### EXERCISE OBJECTIVE
The records that follow are to be repeated exactly, without any pictures.

### TASK INPUT
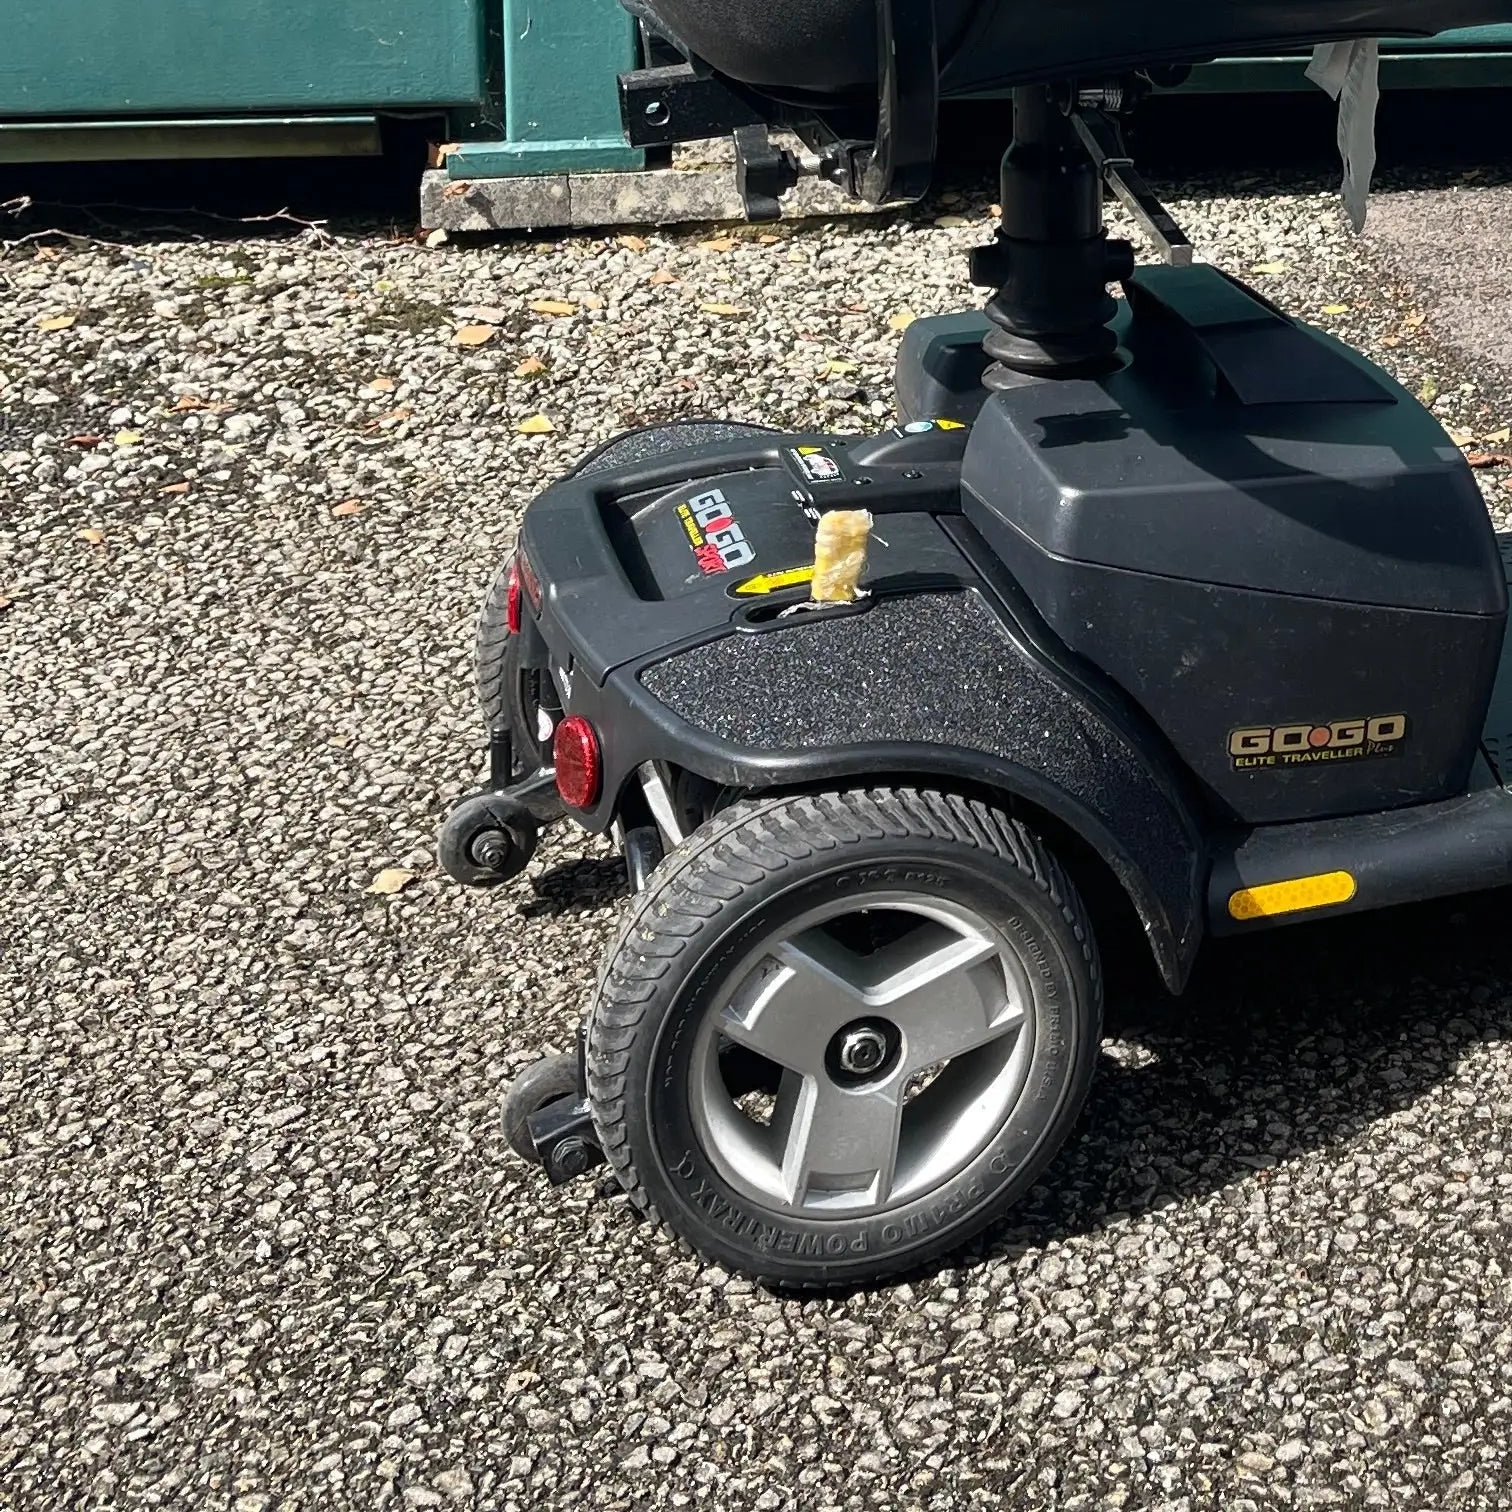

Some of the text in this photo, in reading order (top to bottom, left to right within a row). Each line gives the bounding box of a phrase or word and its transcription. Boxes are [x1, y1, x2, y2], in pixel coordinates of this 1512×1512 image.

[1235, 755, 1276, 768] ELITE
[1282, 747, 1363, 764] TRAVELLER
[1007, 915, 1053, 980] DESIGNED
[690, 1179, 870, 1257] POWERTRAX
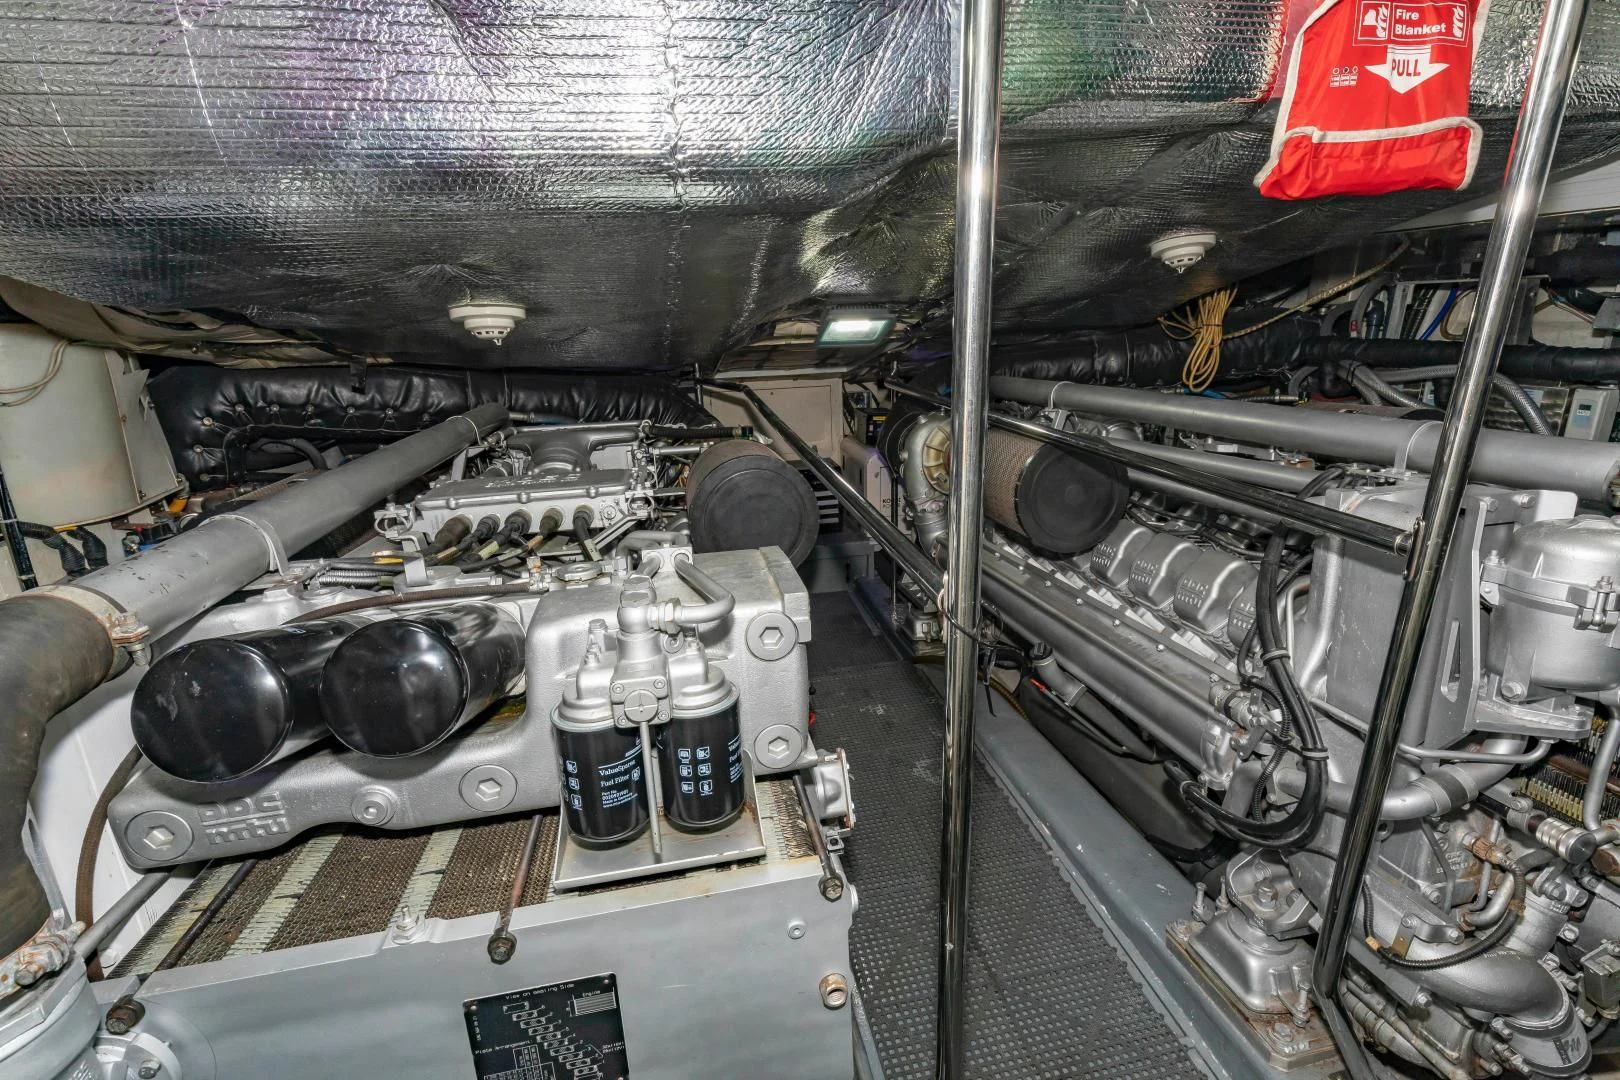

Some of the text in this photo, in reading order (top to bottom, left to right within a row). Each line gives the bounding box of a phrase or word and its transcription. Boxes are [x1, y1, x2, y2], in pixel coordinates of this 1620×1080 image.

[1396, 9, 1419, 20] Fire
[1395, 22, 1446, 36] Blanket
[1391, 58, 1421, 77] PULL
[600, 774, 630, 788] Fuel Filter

### ANSWER FOR THE TASK
Some of the text in this photo, in reading order (top to bottom, left to right within a row). Each line gives the bounding box of a phrase or word and its transcription. Boxes are [x1, y1, x2, y2], in pixel coordinates of this 1512×1512 image.

[1235, 755, 1276, 768] ELITE
[1282, 747, 1363, 764] TRAVELLER
[1007, 915, 1053, 980] DESIGNED
[690, 1179, 870, 1257] POWERTRAX

Some of the text in this photo, in reading order (top to bottom, left to right within a row). Each line gives the bounding box of a phrase or word and its transcription. Boxes are [x1, y1, x2, y2], in pixel coordinates of this 1620×1080 image.

[1396, 9, 1419, 20] Fire
[1395, 22, 1446, 36] Blanket
[1391, 58, 1421, 77] PULL
[600, 774, 630, 788] Fuel Filter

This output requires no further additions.